Cycle 0,1,...,9: We tested a longer cycle. Again, the Region-Layer was able to predict the sequence perfectly.
Cycle 0,1,2,3, 0,2,3,1: We tested an ambiguous cycle. At 0, it appears that the next state can be 1 or 2, and similarly, at 3, the next state can be 1 or 2. However, due to the variable order modelling behaviour of the Region-Layer, a single Region-Layer is able to predict this cycle perfectly. Note that first-order prediction cannot predict this sequence correctly.
Cycle 0,1,2,3,1,2,4,0,2,3,1,2,1,5,0,3,2,1,4,5: We tested a complex graph of state sequences and again a single Region-Layer was able to predict the sequence perfectly. We also were able to predict this using only first order modelling and a deep hierarchy.

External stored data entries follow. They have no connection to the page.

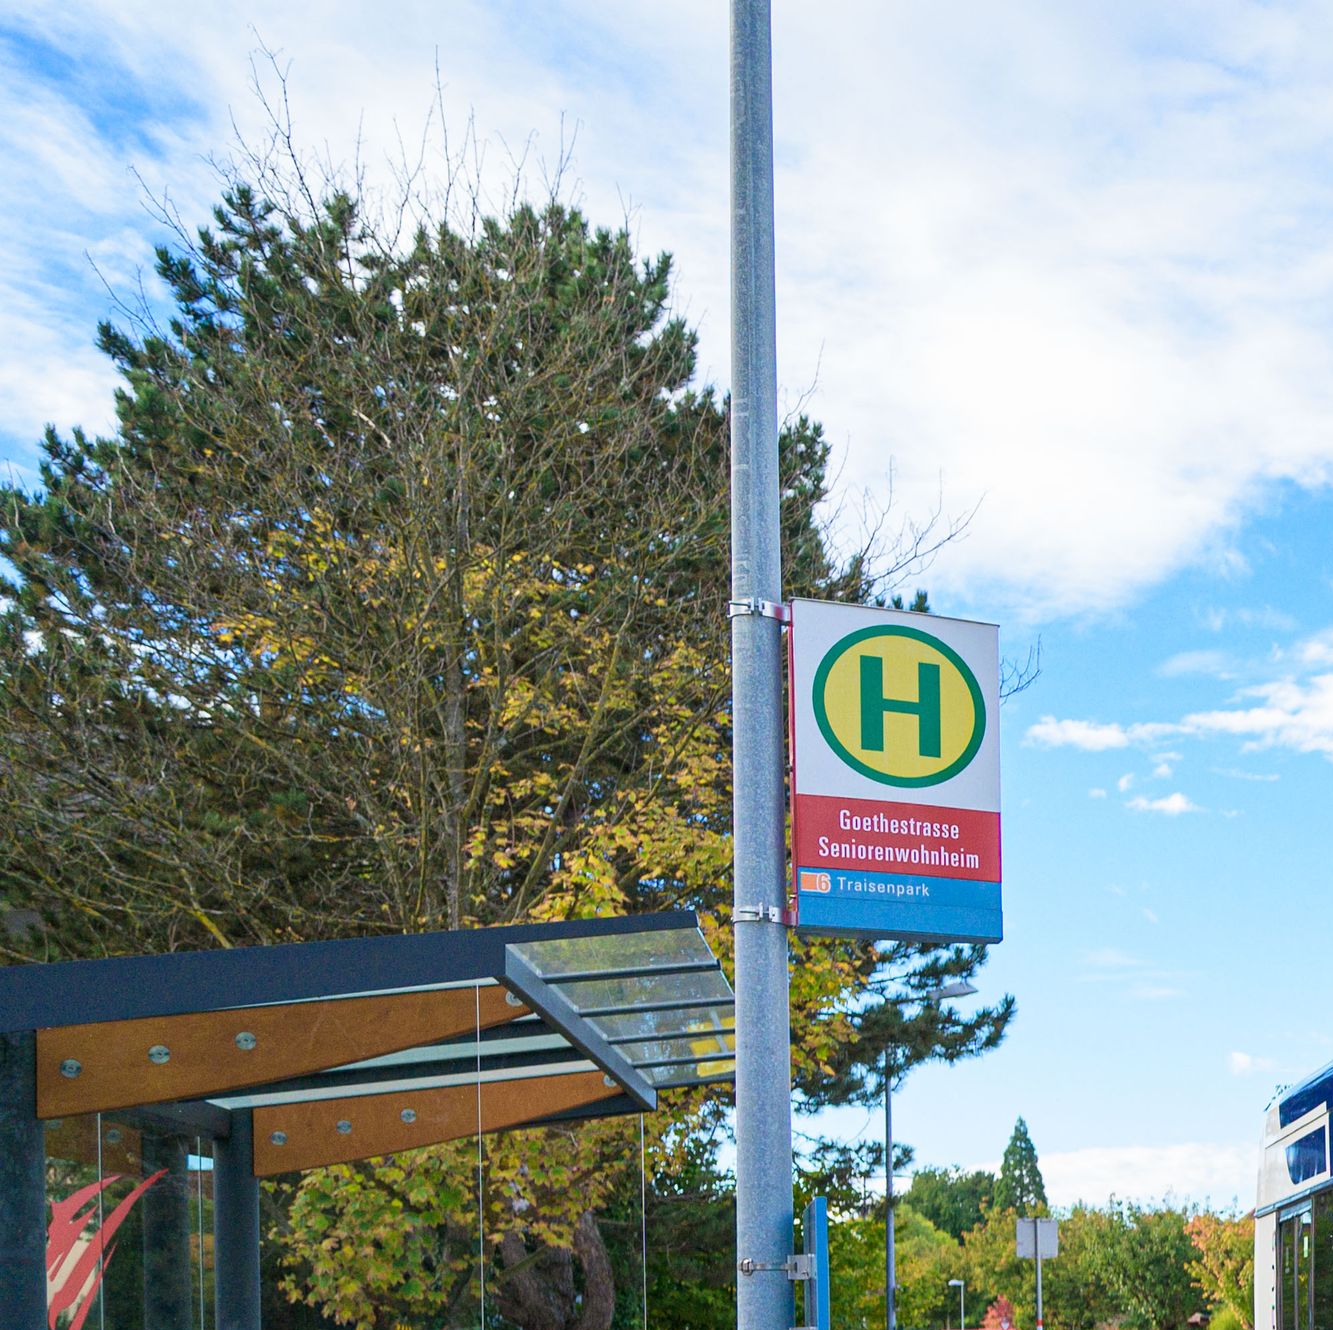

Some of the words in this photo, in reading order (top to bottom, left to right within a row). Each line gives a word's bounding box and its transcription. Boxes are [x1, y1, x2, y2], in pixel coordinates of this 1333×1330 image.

[860, 655, 941, 758] H
[839, 809, 960, 840] Goethestrasse
[818, 837, 980, 869] Seniorenwohnheim
[816, 872, 831, 893] 6
[837, 876, 930, 897] Traisenpark

After completion of the unit tests we were satisfied that our Region-Layer component has the ability to efficiently produce variable order models of observed sequences using unsupervised learning, assuming that the states can reliably be detected.

Experiments

Now we come to the harder part. What if each digit exemplar image is ambiguous? In other words, what if each ‘0’ is represented by a randomly selected ‘0’ image from the MNIST dataset? The ambiguity of appearance means that the observed sequences will appear to be non-deterministic.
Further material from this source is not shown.